People are being exposed to a daily cocktail of pollution that may be having a significant impact on their health, England's chief medical officer says.
Prof Dame Sally Davies said the impact of air, light and noise pollution was well recognised in the environment.
But she said its role in terms of health was yet to be fully understood.
Dame Sally added there was enough evidence to suggest action had to be taken.
And, in her annual report, she said the NHS could lead the way in cutting pollution levels.
She said one in 20 vehicle journeys was linked to the NHS, either from patients or staff travelling.
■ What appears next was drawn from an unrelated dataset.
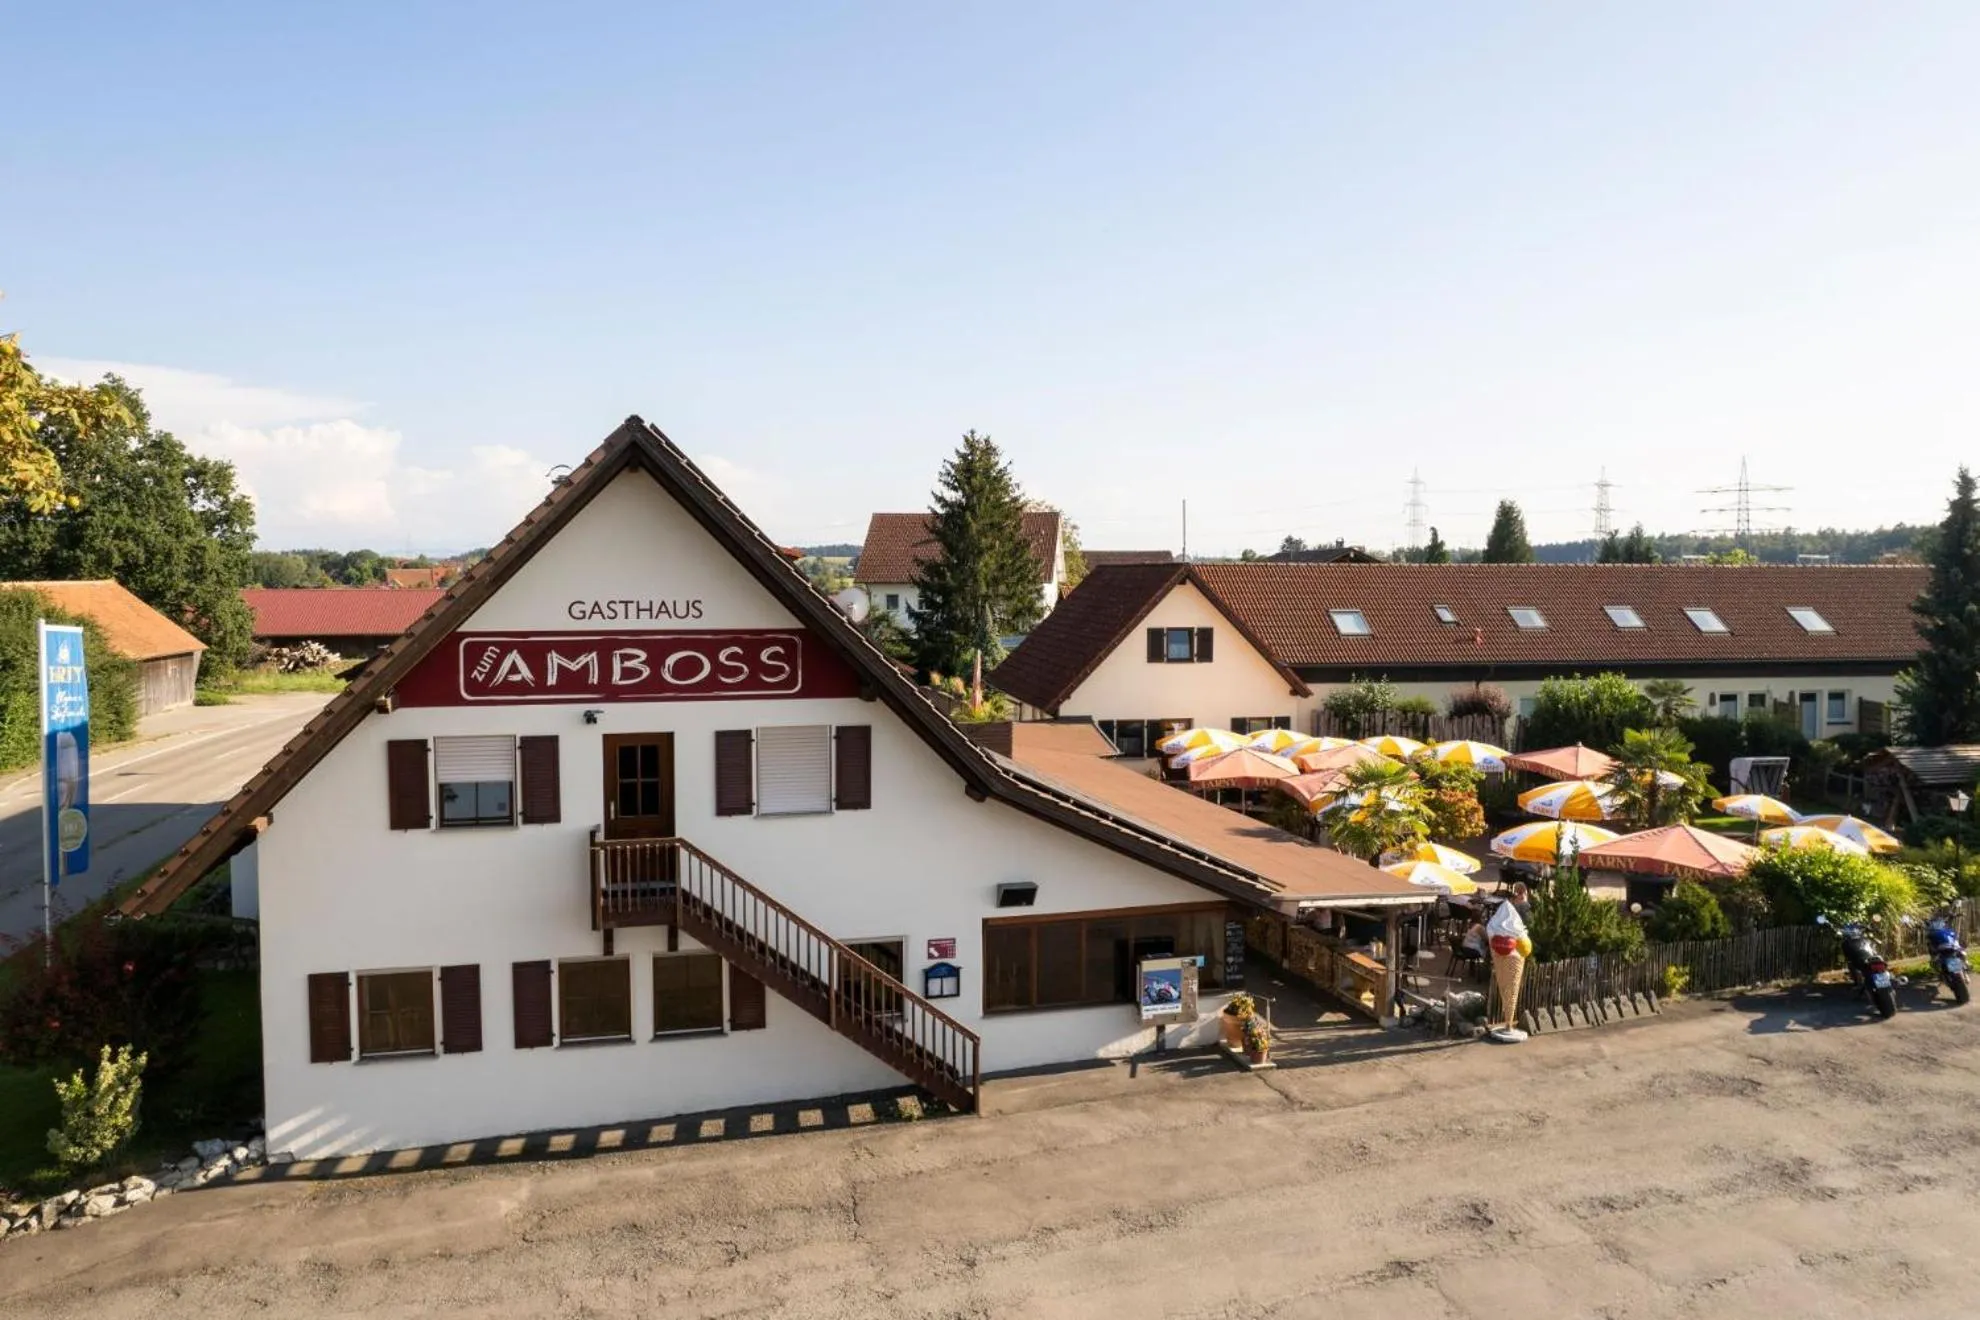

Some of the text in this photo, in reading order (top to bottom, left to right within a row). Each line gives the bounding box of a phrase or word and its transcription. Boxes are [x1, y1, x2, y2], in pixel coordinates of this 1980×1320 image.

[568, 599, 704, 620] GASTHAUS
[489, 646, 791, 688] AMBOSS
[1588, 855, 1637, 869] FARNY
And making sure services were brought out of hospitals and closer to people's homes could help reduce that burden.
Dame Sally also pointed to the attempts being made to phase out ambulances run on diesel, a key source of nitrogen dioxide, which is linked to respiratory disease.
And she said the NHS could cut its use of disposable plastics, landfill and incineration.
While air pollution does not kill people directly, it can shorten their lives by undermining the health of people with lung problems and heart disease.
Previous research has suggested it may be a factor in one in 12 deaths and is the ninth leading factor for mortality in the UK - tobacco, diet and high blood pressure are the top three.
But Dame Sally said there was also a question about how air, light and noise could coincide to have an impact on long-term health.
"With factors like air, light and noise, the public is exposed to a daily cocktail of pollutants," she said.
"Some of these can be linked to chronic conditions like heart disease and asthma.
"This increases the risk for some of the most vulnerable members of our society and places a huge burden on our health service."